This report highlights the perils of using the appraisal as a control device.
Managers, in today’s organisations, require the need to ensure employees are focused on meeting corporate goals and attaining goals related to their individual job roles. Policy is generally the tool of choice to ensure compliance, created to act as a guideline for improving or managing employee behaviour. Managerial controls are best managed through in-house policy creation and should never include the performance appraisal as a means to guarantee compliance.
In progressive organisations, the performance appraisal is created as a tool to monitor employee job function, unique contribution, and assess the overall learning capabilities of employees.
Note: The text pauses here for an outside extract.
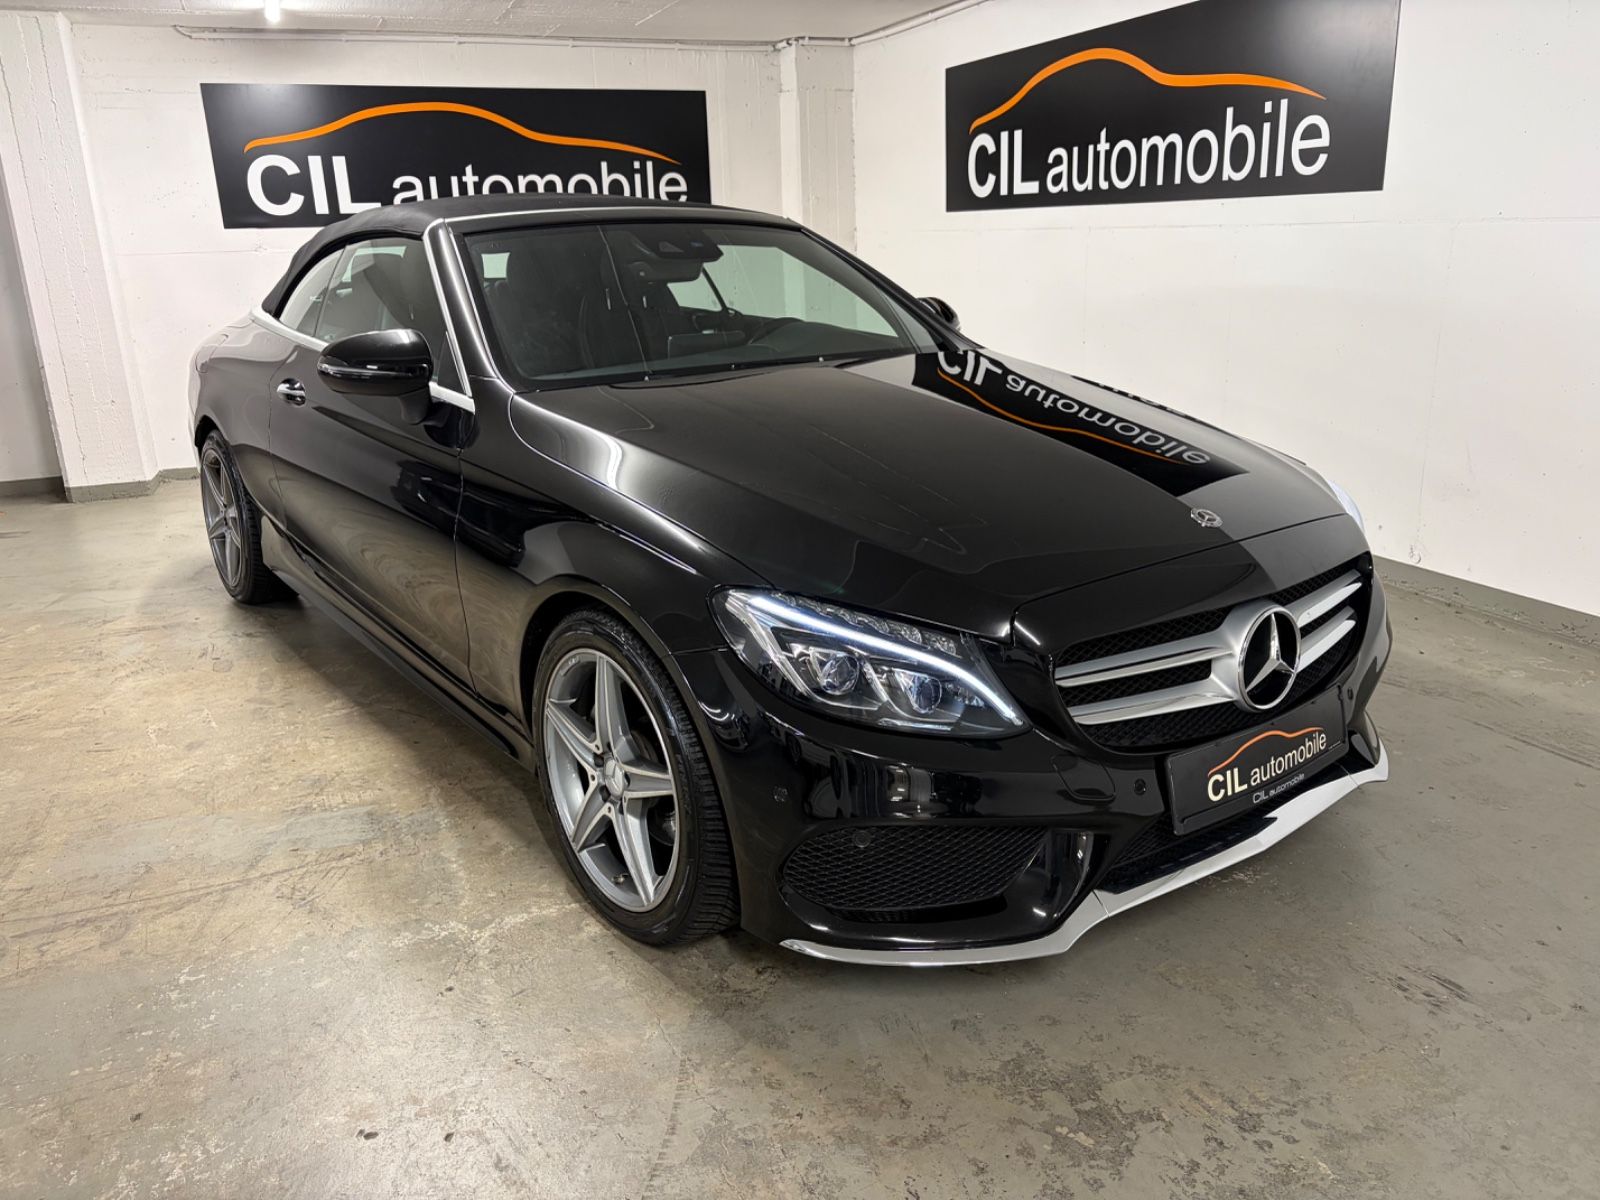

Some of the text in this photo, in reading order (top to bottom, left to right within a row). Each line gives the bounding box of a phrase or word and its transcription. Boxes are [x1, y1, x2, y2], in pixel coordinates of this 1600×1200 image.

Abraham Maslow, a famous 20th century psychologist, created the Hierarchy of Needs which describes employee motivations in order to help them become a more well-rounded employee. This model describes basic human needs to include security, belonging and self-esteem as needs that must be fulfilled in order to become high-performing business contributors. “The satisfaction of the need for esteem produces feelings of self-confidence, prestige, power and control. Individuals feel useful when they feel they have some sort of effect on their environment” (Gambrel & Cianci, 2003, p.144). Self-esteem development is paramount for today’s human resource managers, as it is the determinant of how employees view themselves and their role within the organisation.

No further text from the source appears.